The Company has grown rapidly due, in large part, to acquisitions. K2
Systems Plc, Xanadu Systems Ltd ("Xanadu"), and CI Support Limited, were
acquired in fiscal 1995, Compass Computer Group ("Compass") was acquired in
fiscal 1996, Hammer Distribution Limited ("Hammer") and Datapro Computers Group
Limited ("Datapro") were acquired in fiscal 1997 and Firstpoint Limited
("Firstpoint") and Eurosystems France S.A. ("Eurosystems") were acquired in
fiscal 1998. In the third quarter of fiscal 1999, the Company acquired the 100%
of Memorex Telex Italy ("Memorex") from its then shareholders and Decision
Systems ("Decision Systems") in France from the official receivers in France.
These acquisitions have been accounted for under the purchase method of
accounting and on a consolidated basis in the Company's financial statements for
periods ending after the effective date of such acquisitions.
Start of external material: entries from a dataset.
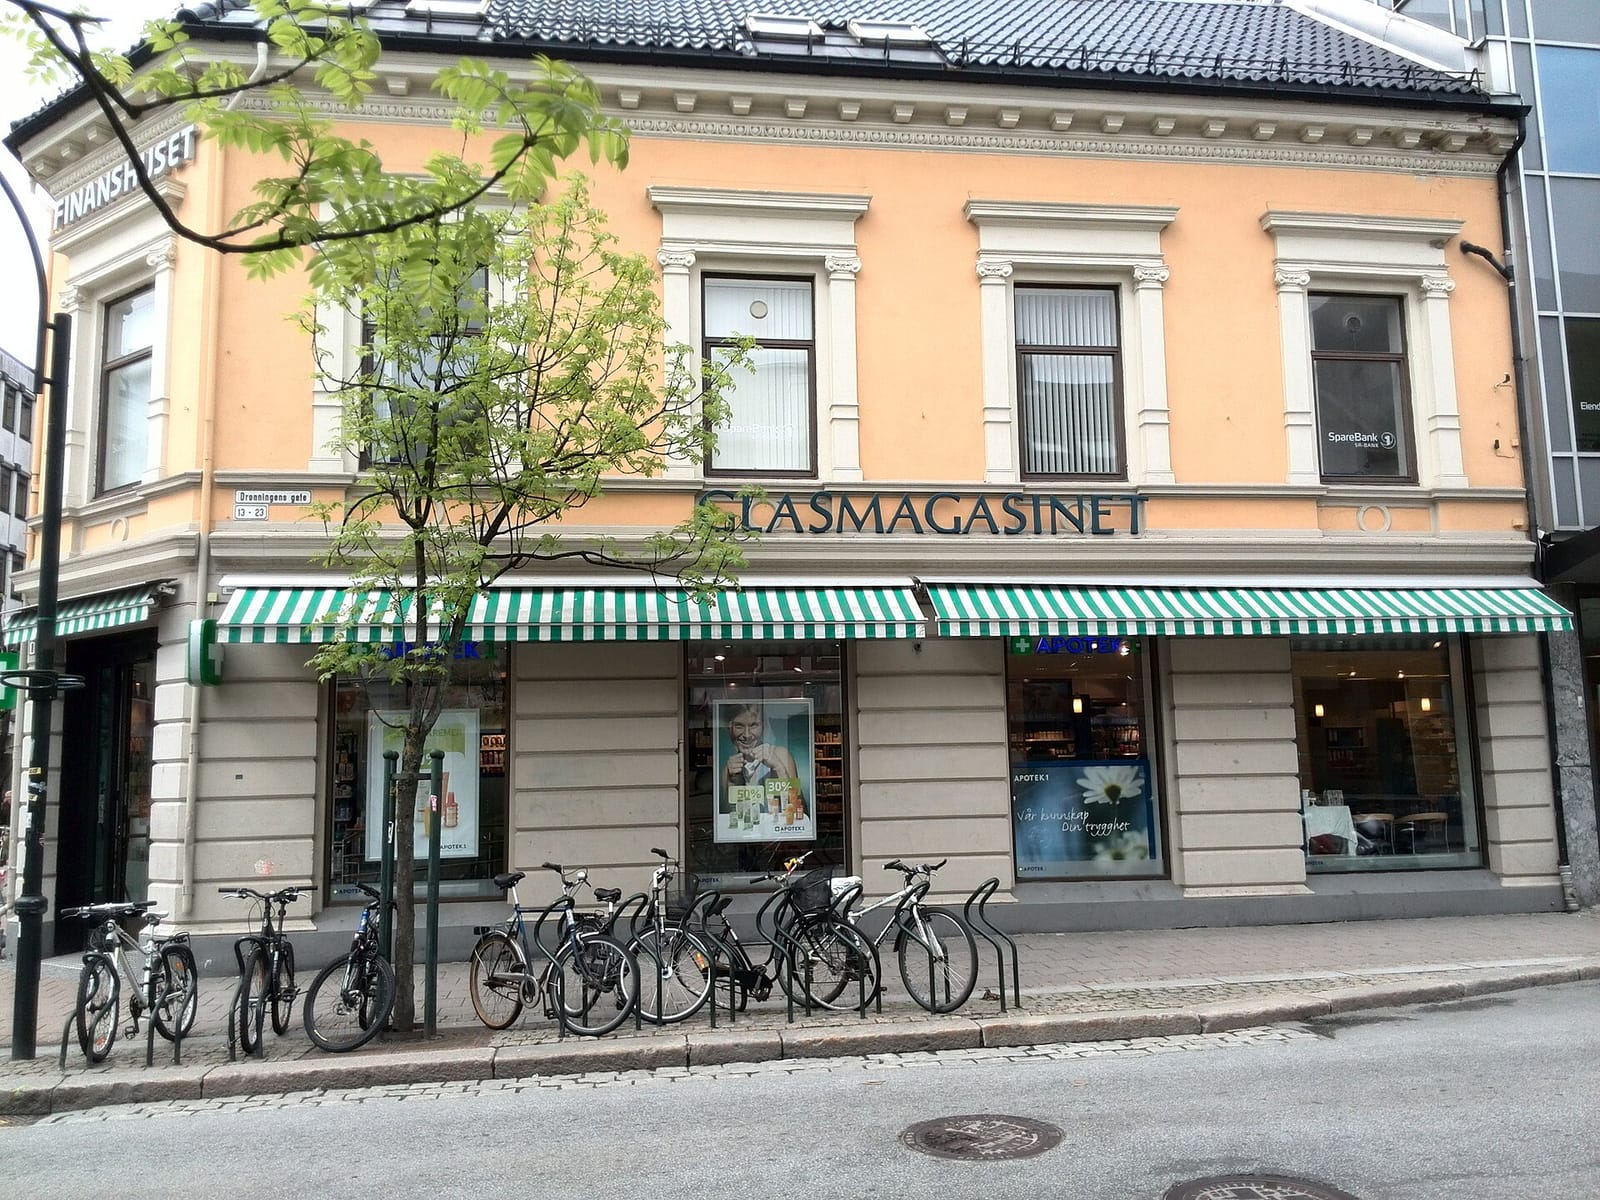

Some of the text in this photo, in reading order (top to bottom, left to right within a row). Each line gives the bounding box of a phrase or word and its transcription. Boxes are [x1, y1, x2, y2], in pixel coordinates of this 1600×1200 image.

[53, 124, 195, 230] FINANSHUSET
[1328, 432, 1378, 443] SpareBank
[290, 493, 307, 504] gate
[237, 508, 246, 517] 13
[255, 508, 265, 517] 23
[698, 489, 1149, 535] GLASMAGASINET
[768, 781, 792, 792] 30%
[737, 789, 762, 799] 50%
[1085, 817, 1131, 836] trygghet
Because of the effect upon the Company's results of operations for the
year ended January 31, 1998 of acquisitions made during that period and the
current fiscal year, direct comparison of the Company's results of operations
for the periods ended October 31, 1997 and October 31, 1998 will not, in the
view of management of the Company, prove meaningful. Instead, a summary of the
elements which management of the Company believes essential to an analysis of
the results of operations for such periods is presented below.
Results of Operations
Three months ended October 31, 1998 compared with the three months ended
October 31, 1997
Revenues
Revenues for the three months ended October 31, 1998 were $37.6
million, an increase of $16.2 million, or approximately 75.6% compared to $21.4
million for the three months ended October 31, 1997. This growth came from the
acquisitions of Eurosystems, Decision Systems and Memorex and from organic
growth of the services and products businesses. Revenues from services were
$23.0 million, or 61.0% of the total revenue, with revenues from the supply of
products at $14.6 million, or 39.0% of the total revenues. In the comparable
period of the prior year, Service revenues were 60.4% of the total revenues and
Products revenues were 39.6 % of total revenues.
Gross Profit
Gross profit for the three months ended October 31, 1998 was $14.9
million, an increase of $7.0 million, or 88.4% compared to $7.9 million for the
three months ended October 31, 1997. This growth came from the acquisitions of
Eurosystems, Decision Systems and Memorex and from organic growth of the
services and products businesses. Gross margin increased from 36.9% for the
three months ended October 31, 1997 to 39.6% for the three months ended
October 31, 1998. Gross profit for services increased 99.0% from $6.3 million
for the three months ended October 31, 1997 to $12.6 million for the three
months ended October 31, 1998. Gross profit for products increased 47.8% from
$1.6 million for the three months ended October 31, 1997 to $2.3 million for
the three months to October 31, 1998.
- 9 -
<PAGE>
Selling, General and Administrative
Selling, general and administrative expenses were $11.6 million, an
increase of $5.5 million, or 91.2% compared to $6.1 million for the three months
ended October 31, 1997. As a percentage of revenues, selling, general and
administrative expenses increased to 30.7% from 28.2% for the three months ended
October 31, 1998. Selling general and administrative expenses increased
primarily as a result of a growth in infrastructure necessary to support the
expansion of the Company's businesses.
Depreciation and Amortization
Depreciation and amortization expense for the three months ended
October 31, 1998 was $950,000, an increase of $380,000, or 66.7% compared to
$570,000 for the three months ended October 31, 1997. This increase arose
principally from the acquisitions of Firstpoint acquired in September 1997,
Decision Systems and Memorex both acquired in the quarter to October 31, 1998.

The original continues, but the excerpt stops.